Ветер перемен
День пятый
Даша опять проснулась ни свет ни заря. Часы показывали без пятнадцати шесть. «Радуйся Благая Вратарница, двери райския верным отверзающая», – тихо напевала она, одеваясь.
– Любаша, вставай, – затормошила Даша подругу, – а то на службу опоздаешь.
– Можно я не пойду, – не открывая глаз, попросила Люба, – я спать хочу.
– Спать дома будешь, – раздался из коридора грозный голос матери Арсении, идущей мимо их кельи.
Услышав ее голос, Люба мгновенно вскочила.
Девушки вошли в храм, когда Катерина читала часы. Игуменья сидела на своем резном кресле, сестры помоложе стояли, постарше сидели на лавочке. Люба во все глаза рассматривала церковное убранство, а Даша, встав напротив иконы Иверской Божьей Матери, погрузилась в молитву.
К семи часам приехал из соседней деревни пожилой священник, отец Владимир, за ним подтянулись местные старушки, и началась литургия. Хотя в церкви было не больше десяти чувашей, служба шла на двух языках.
Отец Владимир был наполовину чуваш, по-русски говорил скороговоркой, невнятно. Через час Люба потеряла нить богослужения и начала рассматривать молящихся, пытаясь запомнить их движения, позы, выражения лиц. Когда это занятие ей надоело, она тихонько вышла из храма и поспешила в келью, надеясь поспать до трапезы. На улице накрапывал дождик. Она прибавила шагу, и вдруг поскользнувшись на влажной тропинке, упала, больно подвернув ногу.
– Да что же это такое, – захныкала девушка, с трудом поднявшись, – лучше бы я на службе осталась.
Приковыляв в келью, она заметила на тумбочке книгу, подаренную отцом Николаем и, раскрыв ее наугад, замерла – на нее смотрели живые глаза Иисуса Христа. Икона XV века – было написано под ней.

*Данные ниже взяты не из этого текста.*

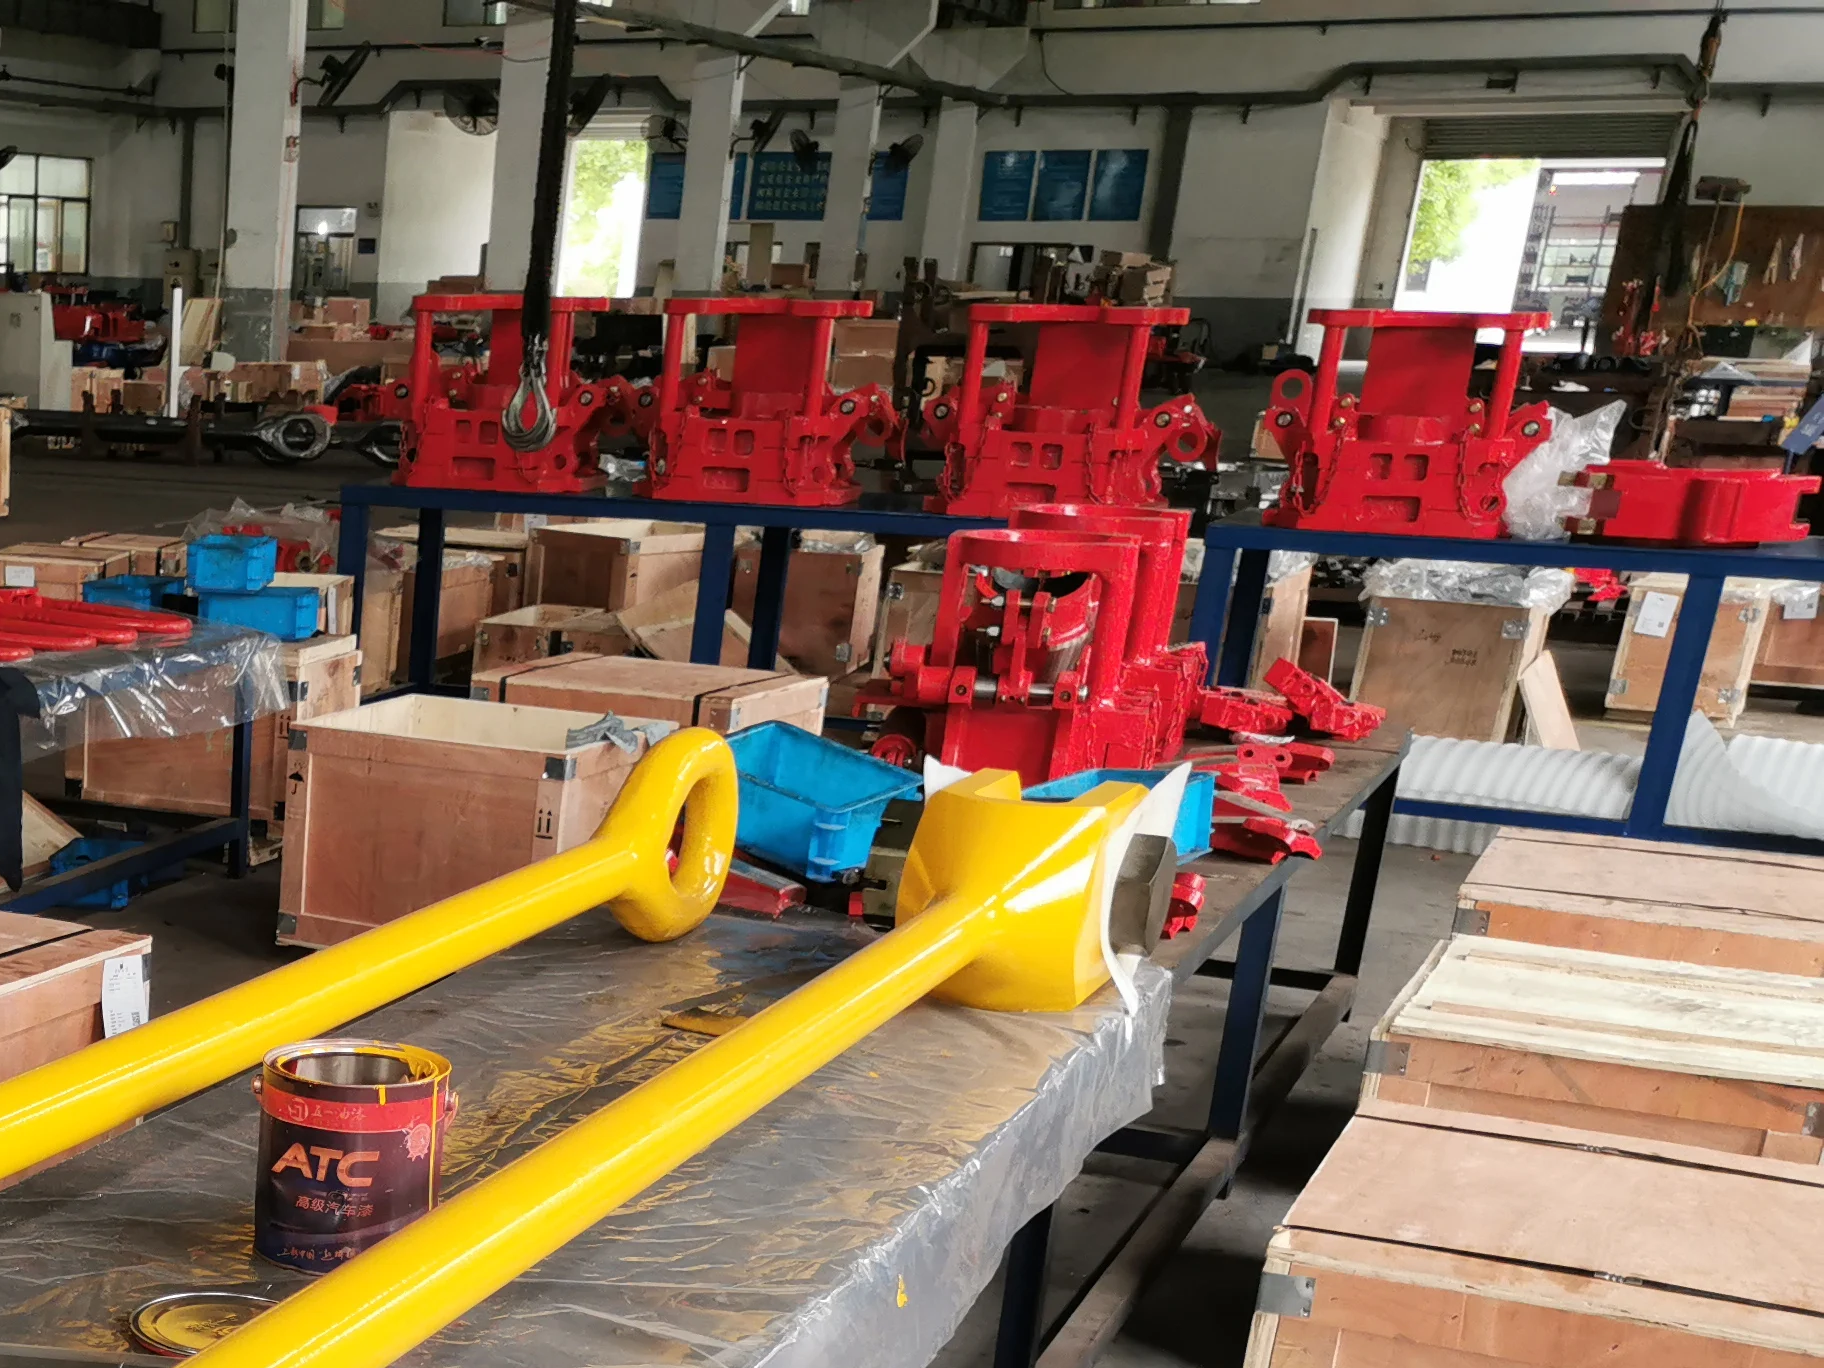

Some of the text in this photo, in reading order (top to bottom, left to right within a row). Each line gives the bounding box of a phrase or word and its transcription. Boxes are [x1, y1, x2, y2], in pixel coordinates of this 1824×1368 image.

[271, 1143, 380, 1187] ATC
[295, 1195, 374, 1218] 高级汽车漆
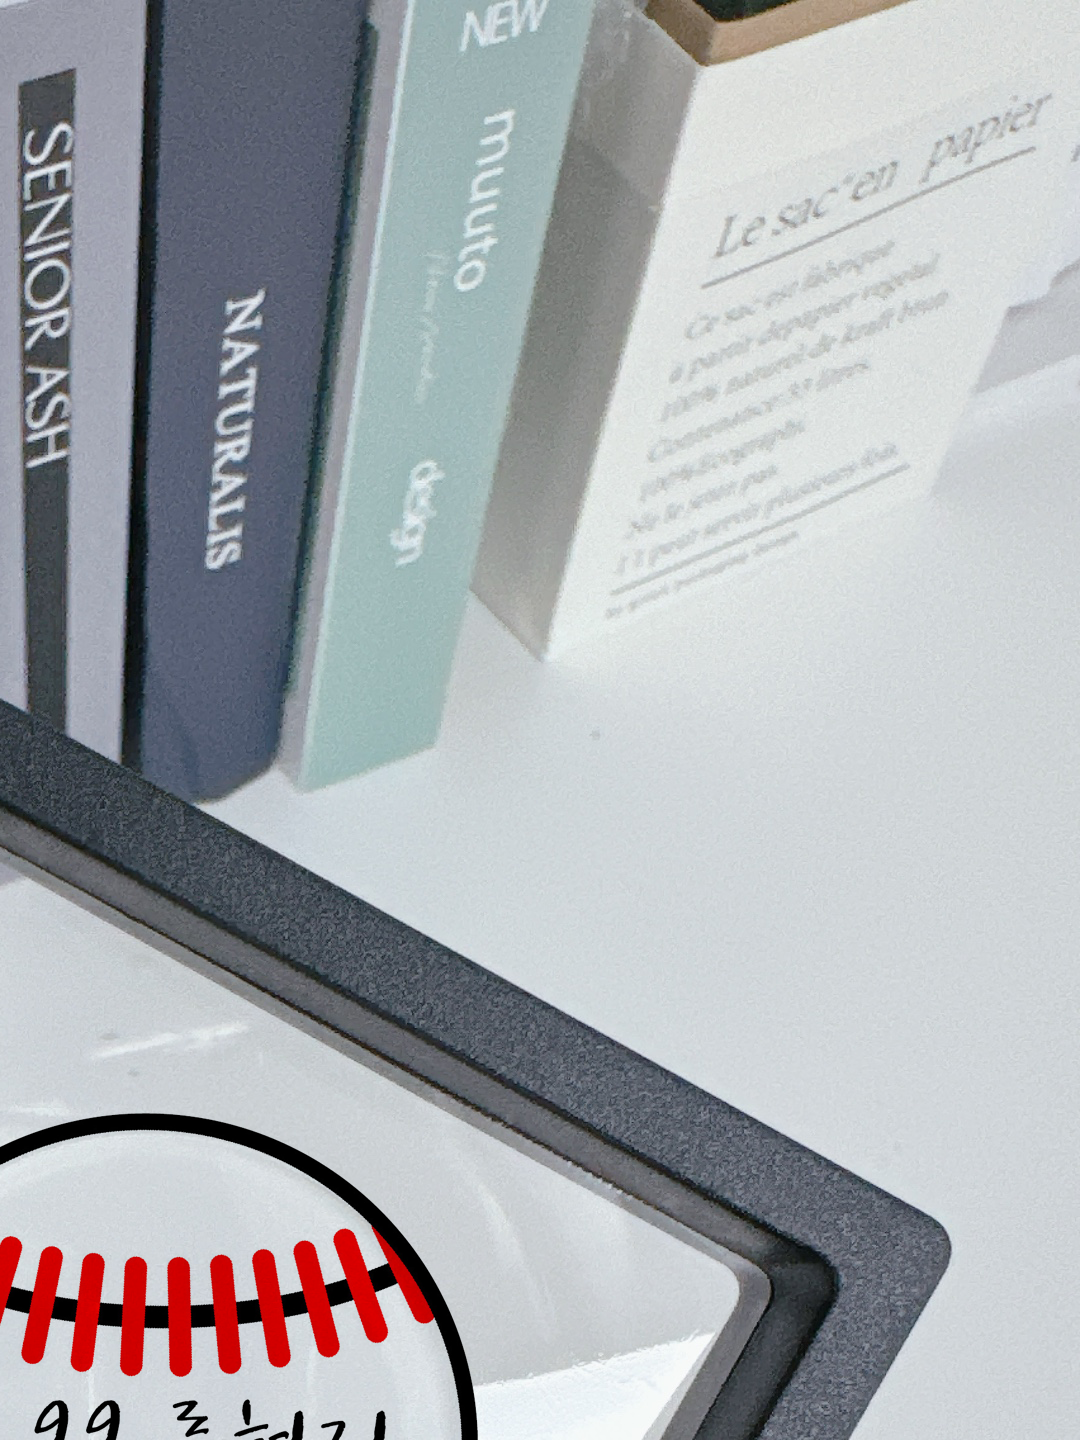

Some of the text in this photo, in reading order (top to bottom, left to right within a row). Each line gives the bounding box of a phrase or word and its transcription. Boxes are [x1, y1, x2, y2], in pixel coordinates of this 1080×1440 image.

[460, 0, 550, 52] NEW
[453, 108, 516, 292] muuto
[919, 92, 1052, 184] papier
[23, 121, 74, 469] SENIOR ASH
[205, 288, 266, 571] NATURALIS
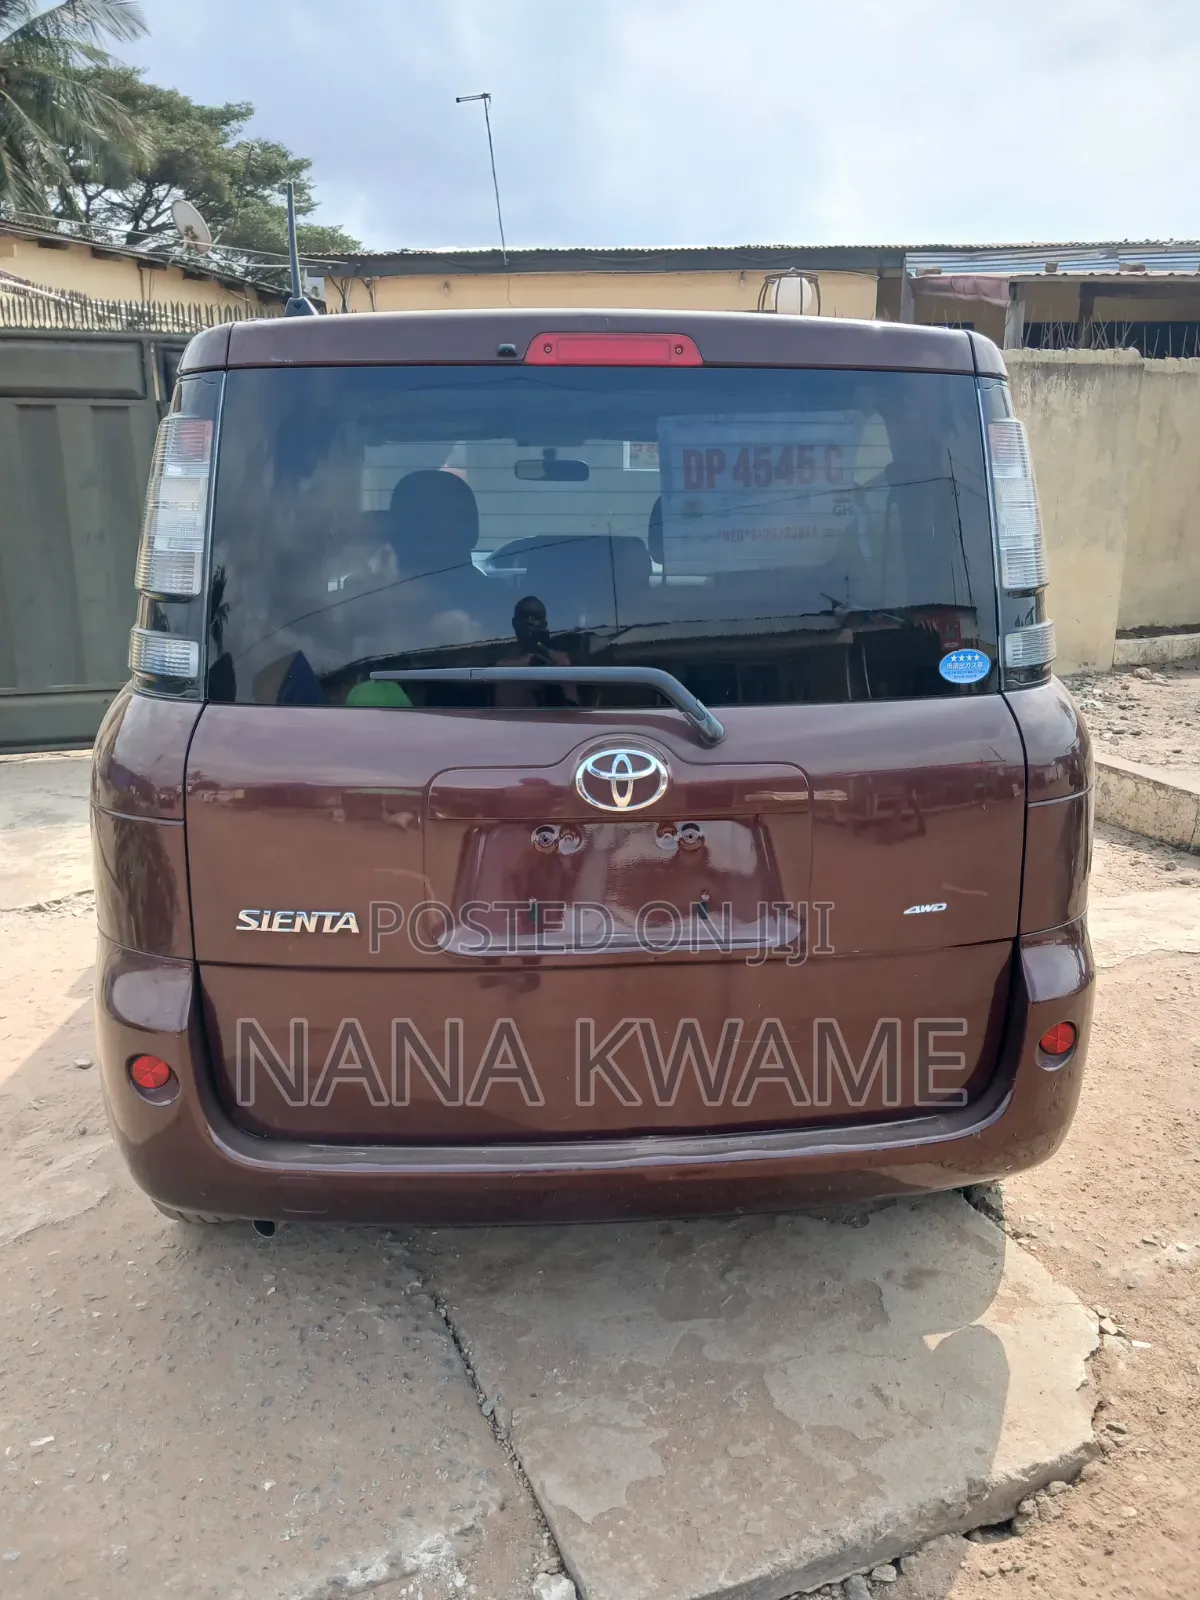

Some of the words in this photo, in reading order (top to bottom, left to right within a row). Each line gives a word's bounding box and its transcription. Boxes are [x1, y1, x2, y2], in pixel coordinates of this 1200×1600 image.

[682, 448, 726, 491] DP
[732, 444, 816, 488] 4545
[903, 902, 948, 915] 4WD
[235, 909, 360, 934] SIENTA

– Ты на трапезу пойдешь, соня? – Даша вошла в келью в полной уверенности, что подруга спит. Увидев Любу с книгой в руках, она присела рядом, – батюшкина книга? О чем она?
– Это альбом Андрея Рублева. Ты посмотри на эту икону – на ней Иисус как живой.
– Так это же Рублев! Ты что, никогда не видела его икон? Они в московском кремле находятся.
– А я там не была. – Люба с явным сожалением закрыла альбом. – Знаешь, Даш, мне от его икон не оторваться, я смотрю на лицо Христа и чувствую, что во мне все переворачивается. Представляешь, я ощущаю, что я – ужасная, что живу только для себя. Почему так? Вот когда я, к примеру, смотрю на портрет красивого мужчины, я думаю о том, понравилась бы я ему или нет, представляю, как он жил, кем был. А если я вижу портрет красивой девушки, то сравниваю себя с ней, могу ей позавидовать.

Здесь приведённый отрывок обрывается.